Compared to other basal odobenids, the rostrum of Osodobenus is short and robust, bulging notably around the canines and with a forward-projecting premaxilla. The nares are large with thick borders and roofed by the nasal bones. The palate is arched and a pair of infraorbital foramen enlarged. The later suggest that much like the modern species, Osodobenus had a mustache-like collection of whiskeres covering the upper lip. Behind the canines, the teeth are single-rooted with inflated bulbous crowns showing little wear. The first two incisors of Osodobenus are transversely compressed with minor wear of the apices. The third incisor is notably longer and slender and there is no cingulum on the inner side of the jaws as in other odobenids. The prominent canines are robust, conical and recurved. Compared to the width of the skull, these canines are approximately 50% larger than those of other basal walrus genera. The pulp cavity is open which indicates that the canines were continuously growing, something only known from tusked odobenids. This however only applies to the males, while the female has smaller canines more proportional to the skull width. This indicates that the presence of tusks in Osodobenus was sexually dimorphic. The teeth of Osodobenus show a somewhat transitional form between the less specialised odobenids with a tooth specialisation score of 0.4 and lower and the more derived and specialised members of the group (score >0.5). This indicates that odobenids rapidly specialised during the late Tortonian to early Messinian of the Miocene, which included the development of tusks in later taxa. This again corresponds to what is observed in Osodobenus, whose canines form an intermediate form between what has previously been considered tusked and tuskless. Biewer and colleagues argue that the continuous nature of tusk growth in an evolutionary context makes a rigid separation futile and that Osodobenus represents the first walrus with canines that could be considered tusks.

==Phylogeny==
Osodobenus was recovered as a sister taxon to the Neodobenia in both parsimony phylogenetic analysis and Bayesian analyses, which makes it the basalmost walrus with canines that can be considered tusks. The following phylogenetic tree was recovered by the study of Biewer et al. (2020).

==Paleobiology==
Although the presence of tusks is sexually dimorphic in Osodobenus, it is suggested that feeding likewise played a part in the evolution of these enlarged canine teeth. Osodobenus and other tusked odobenids share an enlarged infraorbital foramen, which correspond with the amount of facial nerves that connect to musculature and Vibrissae (whiskers), the later being used by extant seals and sirenians in foraging. Another trait that suggests that Osodobenus may habe been a benthic feeder is the anatomy of the palate, which indicates that this genus much like extant walrus was a specialised suction feeder. Biewer and his colleagues note that these traits alone are not enough to fully establish Osodobenus as a benthic feeder, but argue that its feeding behavior may have been similar regardless. As some more derived odobenids lack these adaptations, it is possible that this ecology was evolved independently from crown walrus.
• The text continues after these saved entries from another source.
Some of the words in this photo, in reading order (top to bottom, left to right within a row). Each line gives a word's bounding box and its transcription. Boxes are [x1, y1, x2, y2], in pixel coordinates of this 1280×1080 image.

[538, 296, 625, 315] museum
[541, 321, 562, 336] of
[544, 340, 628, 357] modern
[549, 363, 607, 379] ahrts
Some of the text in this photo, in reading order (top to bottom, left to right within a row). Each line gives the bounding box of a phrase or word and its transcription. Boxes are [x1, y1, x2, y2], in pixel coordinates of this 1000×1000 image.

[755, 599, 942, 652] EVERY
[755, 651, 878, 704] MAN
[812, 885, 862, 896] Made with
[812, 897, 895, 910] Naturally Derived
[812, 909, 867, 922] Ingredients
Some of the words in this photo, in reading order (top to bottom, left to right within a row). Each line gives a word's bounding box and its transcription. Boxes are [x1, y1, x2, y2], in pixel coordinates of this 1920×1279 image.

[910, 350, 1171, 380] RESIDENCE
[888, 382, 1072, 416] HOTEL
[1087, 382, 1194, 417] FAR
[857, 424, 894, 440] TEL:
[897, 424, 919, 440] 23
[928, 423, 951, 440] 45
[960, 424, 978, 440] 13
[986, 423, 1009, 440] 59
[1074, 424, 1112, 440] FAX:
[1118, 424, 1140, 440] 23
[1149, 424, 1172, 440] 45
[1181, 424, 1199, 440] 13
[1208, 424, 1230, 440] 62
Fossils of Osodobenus were discovered in the Californian Capistrano Formation, which also yielded the fossils of the walrus Pontolis magnus, Pontolis kohnoi and Titanotaria orangensis. During the Miocene to Pliocene these waters were relatively warm compared to the habitat of the modern walrus and housed a great diversity of mammals including pinnipeds, desmostylians, cetaceans and sirenians like Hydrodamalis cuestae. Crocodylians and sabertoothed salmons are also known to have inhabited the waters of the Capistrano Formation.